Bus
Cycles
Copyright 1995,
Jack G. Ganssle
Abstract
Software folks
need to understand how a microprocessor handles data on its busses. Here's
the short intro.
Published in
Embedded Systems Programming, April, 1995
My October column
about DMA brought a number of interesting replies. Quite a few readers commented
that they just did not have a good idea "what all this bus cycle stuff
is about". After all, this is a software magazine; it makes sense that
hardware details, while critical to the embedded world, are a bit fuzzy to
many readers.
How many engineers
understand, in detail, a computer operation? Over the years I've asked each
technical person I've hired for a blow-by- blow description of how a microprocessor
fetches, decodes, and executes instructions. What does the instruction pointer
do? How are JMPs decoded and processed? Surprisingly few can give an accurate,
detailed explanation. Engineers are taught to treat complex components like
microprocessors as block diagrams. Connect the right peripherals according
to the cookbook and you'll never need to understand the block's internal operations.
Though modern
society is built on this concept of increasing abstraction, I maintain that
some sort of understanding of the operation of fundamental devices (like computers)

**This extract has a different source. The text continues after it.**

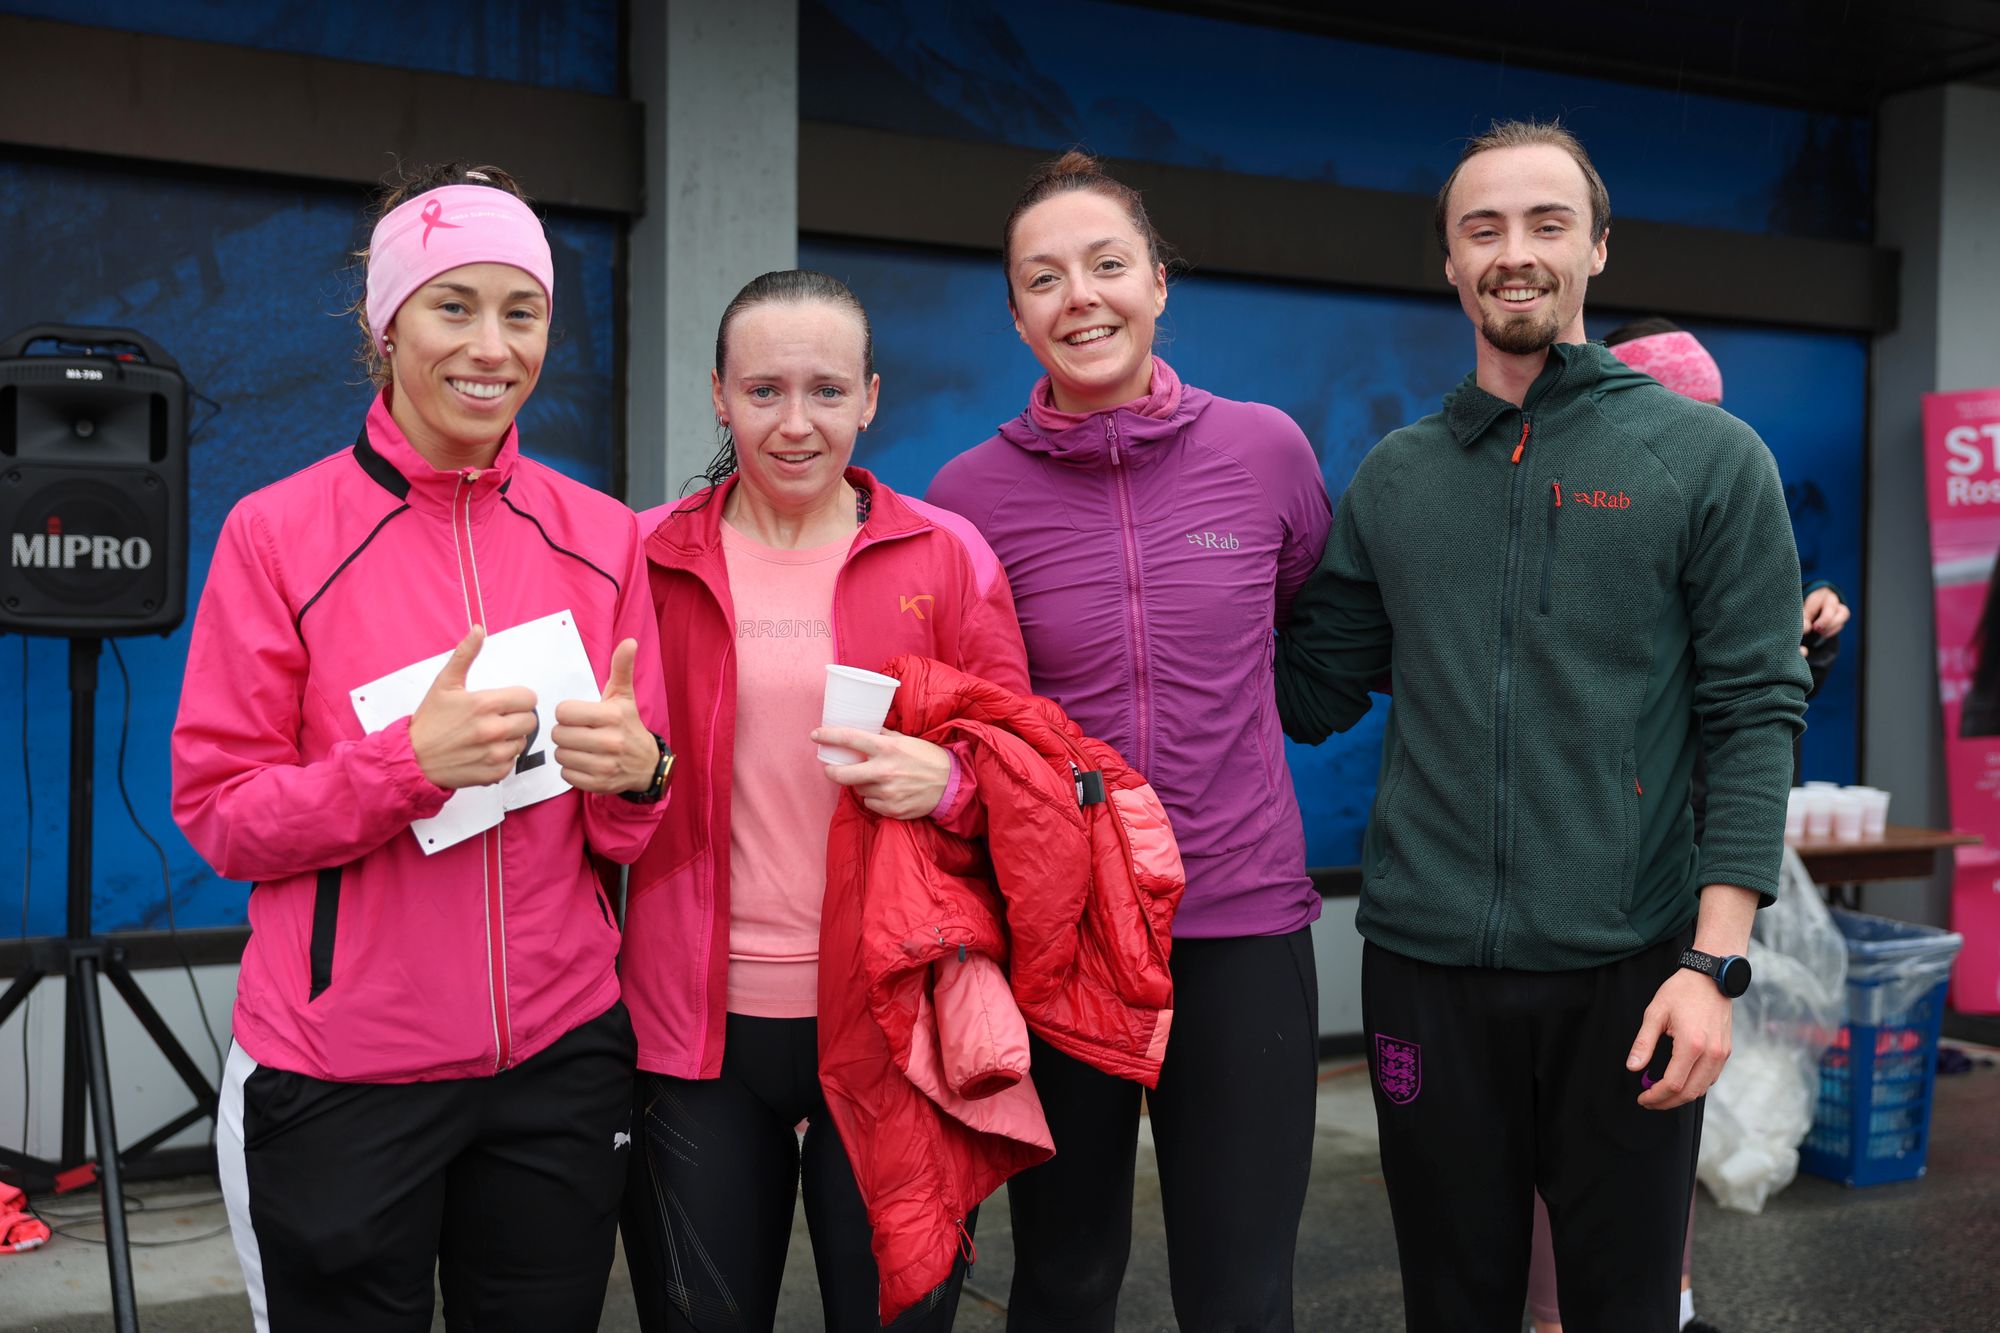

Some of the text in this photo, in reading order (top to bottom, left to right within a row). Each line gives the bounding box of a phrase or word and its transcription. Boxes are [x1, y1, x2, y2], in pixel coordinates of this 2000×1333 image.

is essential to efficient solving of complex problems. Knowledge - of anything
- makes life more interesting. Unfortunately a thorough understanding computer
operation is not terribly likely to enhance your cocktail party repartee:
"exactly how much setup time does your system need?", she asked,
breathlessly, a slight tinge of pink coloring her cheeks. The party's hum
faded into the background; my vision tunneled into sharp focus on her... Uh,
wrong magazine. Suffice to say, inquiring minds want to know.
Even the purest
software type working in the embedded industry will hear no end of discussion
about bus cycles, wait states, read and writes, and the like when waiting
for the hardware weenies to put yet another Band-Aid on the malfunctioning
prototype hardware. Here's the 10 minute introduction to bus cycles, so you
can at least look knowledgeable. Tic Toc
Everyone bandies
the word "clock" around. It's common knowledge that the faster your
clock runs the more information processing gets done per unit time. How does
the clock rate relate to processor speed, and why is one even needed?
A science wag
half-facetiously commented that time is what keeps everything from happening
all at once. The same reasoning applies to a computer system. The clock signal,
which is produced by a simple oscillator on the computer board, sequences
processor operations to give the circuits time to complete one operation before
proceeding to the next. Logic takes a while to do anything: RAM may need 50-100
nanoseconds to retrieve a byte, an adder might require 10 or more nanoseconds
to compute a result. The system clock insures each operation finishes before
the next takes place.
Time is related
to clock frequency by: time=1/frequency. A 10 MHz oscillator gives 100 nanoseconds
per clock cycle. Just to confuse things, many processors divide the input
clock frequency, most of the time by 2. Your 10 MHz oscillator going into
a 80186 actually creates a 5 MHz, or 200 nsec, cycle time.
Each clock period
(the time required for one complete cycle) is called a "T state",
and is the basic unit of processor timing. Nothing completes in less than
a T state, though propagation times through individual components will generally
faster than the T state time. Designers select a T state interval greater
than the sum of all propagation delays in the memory and I/O paths. (We will
see that memories are notoriously slow; you can inject wait states to add
T states to read or write cycles to avoid the use of very expensive fast devices.)
During a single
T state the processor can do very little - perhaps output the address of the
next memory location needed. An entire memory read or write cycle requires
2 or more T states, depending on the processor selected. A "machine cycle"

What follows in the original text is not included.